======== EXERCISE INPUTS ========

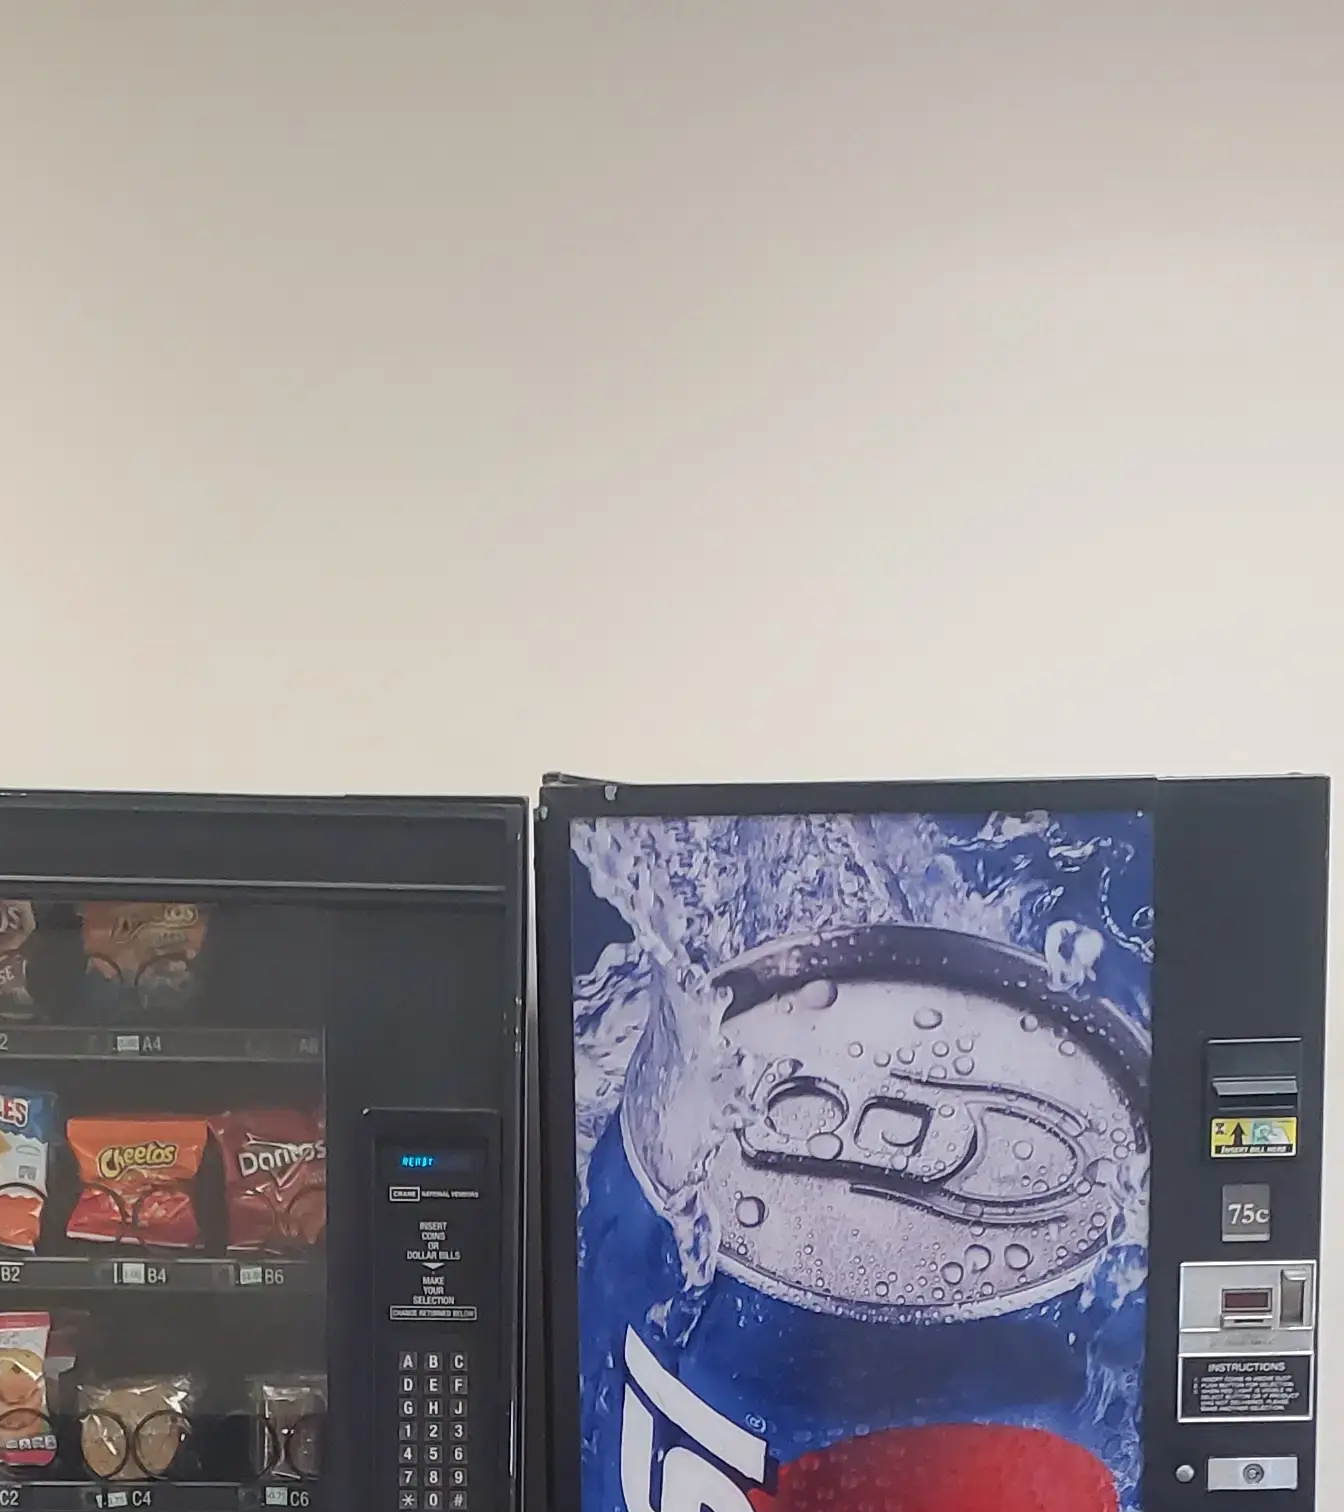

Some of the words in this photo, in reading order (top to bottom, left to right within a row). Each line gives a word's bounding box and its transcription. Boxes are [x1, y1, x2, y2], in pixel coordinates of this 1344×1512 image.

[142, 1036, 162, 1052] A4
[98, 1142, 178, 1179] Cheetos
[238, 1141, 327, 1177] Doritos
[401, 1155, 435, 1168] READY
[419, 1221, 447, 1231] INSERT
[421, 1231, 446, 1241] COINS
[427, 1241, 440, 1251] OR
[406, 1250, 437, 1261] DOLLAR
[438, 1251, 461, 1261] BILLS
[0, 1266, 21, 1282] B2
[147, 1268, 167, 1284] B4
[264, 1269, 284, 1285] B6
[422, 1276, 445, 1286] MAKE
[423, 1286, 444, 1296] YOUR
[412, 1296, 455, 1306] SELECTION
[403, 1354, 414, 1369] A
[428, 1354, 439, 1369] B
[454, 1354, 464, 1369] C
[1207, 1361, 1286, 1373] INSTRUCTIONS
[403, 1377, 414, 1392] D
[428, 1377, 439, 1392] E
[454, 1377, 464, 1392] F
[403, 1401, 414, 1415] G
[428, 1401, 439, 1415] H
[454, 1401, 464, 1415] J
[403, 1424, 414, 1438] 1
[428, 1424, 439, 1438] 2
[454, 1424, 464, 1438] 3
[403, 1447, 414, 1461] 4
[428, 1447, 439, 1461] 5
[454, 1447, 464, 1461] 6
[403, 1470, 414, 1484] 7
[428, 1470, 439, 1484] 8
[454, 1470, 464, 1484] 9
[0, 1490, 20, 1506] C2
[132, 1490, 152, 1507] C4
[290, 1491, 310, 1508] C6
[428, 1493, 439, 1507] 0

========

EXERCISE:
Retype all the records exactly and keep out every picture.

TASK RESULT:
Some of the words in this photo, in reading order (top to bottom, left to right within a row). Each line gives a word's bounding box and its transcription. Boxes are [x1, y1, x2, y2], in pixel coordinates of this 1344×1512 image.

[142, 1036, 162, 1052] A4
[98, 1142, 178, 1179] Cheetos
[238, 1141, 327, 1177] Doritos
[401, 1155, 435, 1168] READY
[419, 1221, 447, 1231] INSERT
[421, 1231, 446, 1241] COINS
[427, 1241, 440, 1251] OR
[406, 1250, 437, 1261] DOLLAR
[438, 1251, 461, 1261] BILLS
[0, 1266, 21, 1282] B2
[147, 1268, 167, 1284] B4
[264, 1269, 284, 1285] B6
[422, 1276, 445, 1286] MAKE
[423, 1286, 444, 1296] YOUR
[412, 1296, 455, 1306] SELECTION
[403, 1354, 414, 1369] A
[428, 1354, 439, 1369] B
[454, 1354, 464, 1369] C
[1207, 1361, 1286, 1373] INSTRUCTIONS
[403, 1377, 414, 1392] D
[428, 1377, 439, 1392] E
[454, 1377, 464, 1392] F
[403, 1401, 414, 1415] G
[428, 1401, 439, 1415] H
[454, 1401, 464, 1415] J
[403, 1424, 414, 1438] 1
[428, 1424, 439, 1438] 2
[454, 1424, 464, 1438] 3
[403, 1447, 414, 1461] 4
[428, 1447, 439, 1461] 5
[454, 1447, 464, 1461] 6
[403, 1470, 414, 1484] 7
[428, 1470, 439, 1484] 8
[454, 1470, 464, 1484] 9
[0, 1490, 20, 1506] C2
[132, 1490, 152, 1507] C4
[290, 1491, 310, 1508] C6
[428, 1493, 439, 1507] 0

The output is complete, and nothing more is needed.